One of the most interesting aspects of Jenny Finn is the way it positions the monster as an innocent. To the dwellers of the poorest sections of town, she’s a “saint,” her disease having cured their ailments. She comes to love Joe, a Hellboy-ish big guy who wants to protect her. Compared to Jenny’s good nature and empathy, most of the humans she encounters are monstrous and horrific. She’s also aware of her separation from the world of humans, and of her destructive/transformative power.

“Man of this world,” she says to Joe, “nothing is as lost as I.”

There even seems to be a visual allusion with regards to her melancholy and aloof nature, as she resembles one of the most iconic figures of Victorian loneliness, mystery and the macabre, Emily Dickinson. An epitaph for some of the crueler characters in Jenny Finn would be Dickinson’s, “Drowning is not so pitiful/As the attempt to rise…”
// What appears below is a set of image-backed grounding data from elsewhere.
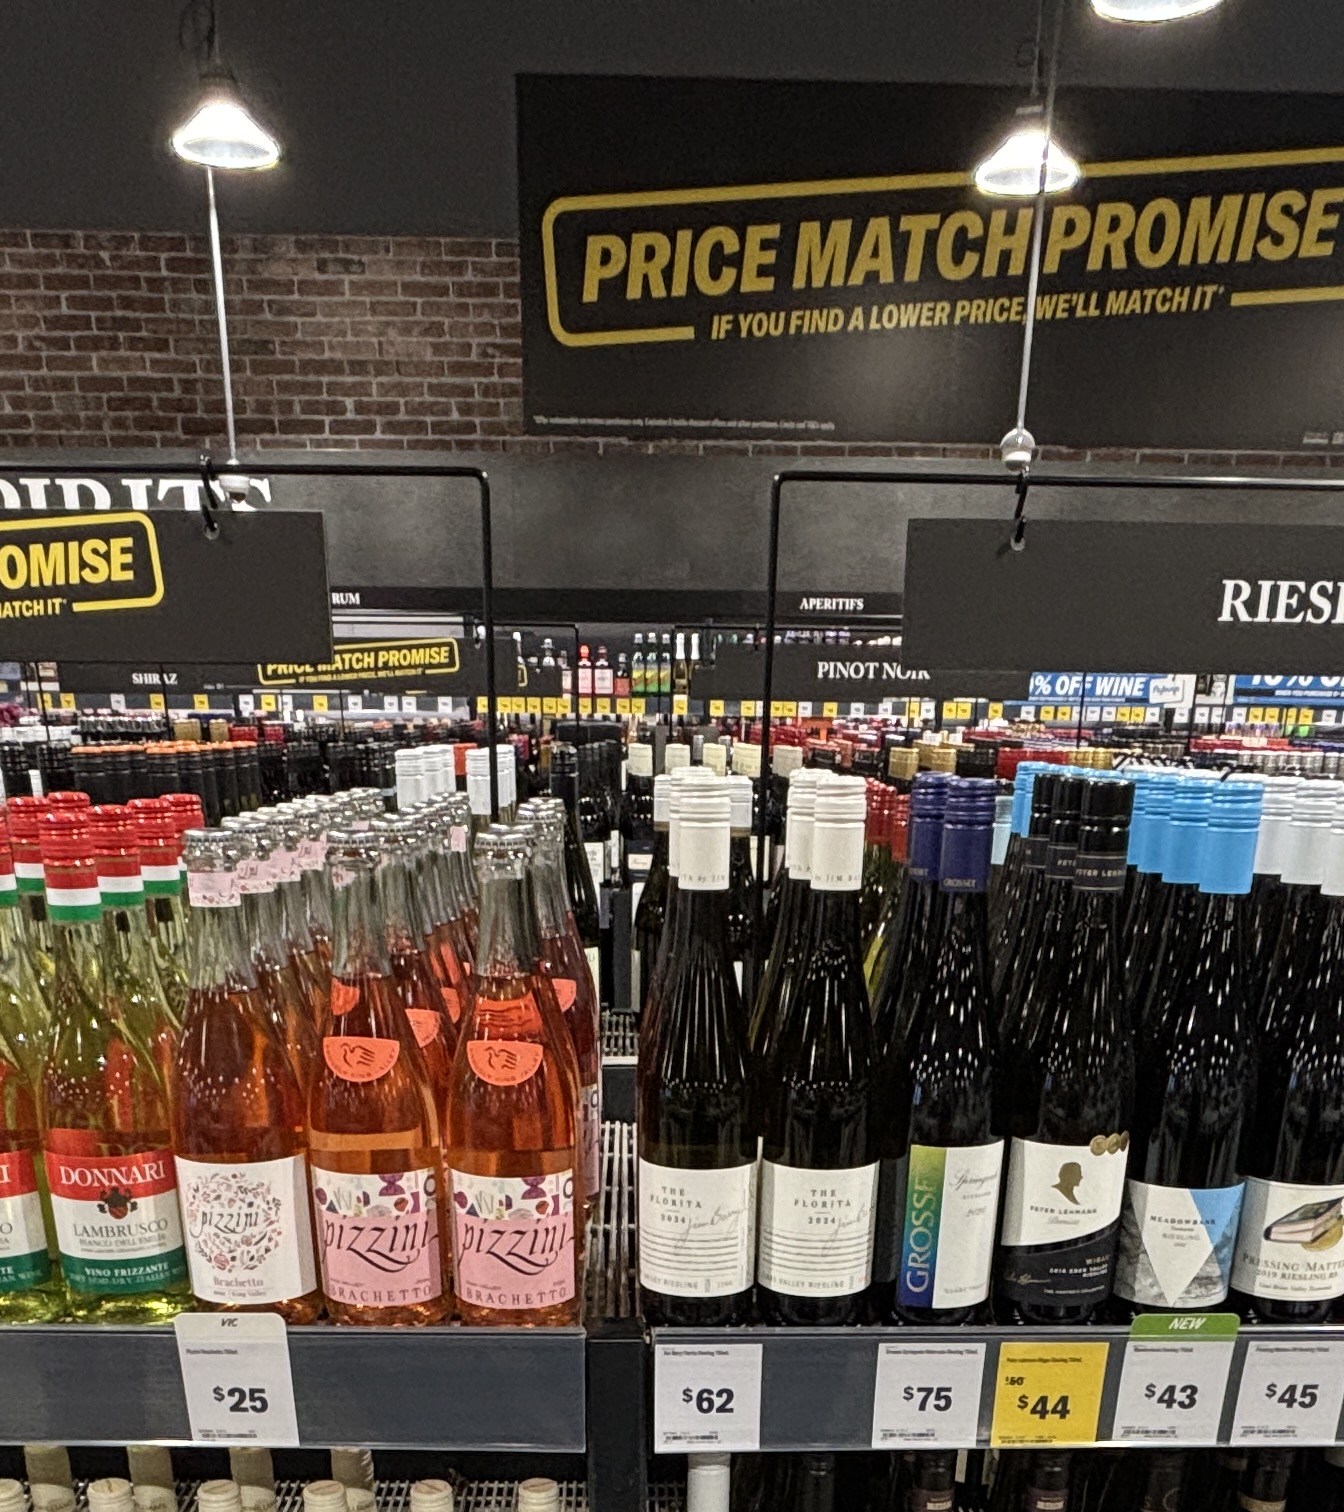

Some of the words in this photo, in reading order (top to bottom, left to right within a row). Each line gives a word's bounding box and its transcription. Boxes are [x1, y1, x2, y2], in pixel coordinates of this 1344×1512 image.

[582, 223, 781, 304] PRICE
[792, 207, 1034, 290] MATCH
[710, 314, 733, 340] IF
[739, 311, 787, 338] YOU
[789, 307, 845, 335] FIND
[849, 306, 865, 332] A
[870, 301, 951, 330] LOWER
[1035, 291, 1100, 320] WE'LL
[1104, 286, 1192, 316] MATCH
[332, 592, 360, 605] RUM
[800, 597, 864, 611] APERITIFS
[378, 646, 450, 668] PROMISE
[817, 661, 879, 679] PINOT
[1095, 676, 1147, 697] WINE
[60, 1160, 166, 1187] DONNARI
[72, 1219, 169, 1238] LAMBRUSCO
[330, 1285, 433, 1303] BRACHETTO
[465, 1286, 567, 1306] BRACHETTO
[1169, 1317, 1206, 1331] NEW
[213, 1386, 268, 1414] $25
[682, 1387, 735, 1415] $62
[903, 1385, 953, 1412] $75
[1017, 1393, 1070, 1420] $44
[1144, 1383, 1198, 1410] $43
[1265, 1383, 1319, 1410] $45
Ultimately, there’s a pleasing, puzzling mystery to young Jenny’s unfortunate interactions with humanity. Her outer monstrosity highlights the monstrous behaviour of the people surrounding her. Like the best monster stories, this resonates with the notion of monsters as representations of human psychological conflicts.

“Promiscuously combining incongruent organic elements, the monster also unifies the moral opposites that comprise human comprehension,” writes anthropologist David D. Gilmore in Monsters: Evil Beings, Mythical Beasts, and All Manner of Imaginary Terrors. “Ugly and malevolent, the monster is demonic of course, but it is also paradoxically divine; in its mystery and power, god-like and unfathomable, an object of reverence, and of admiration–even of identification–as well as of fear and loathing.”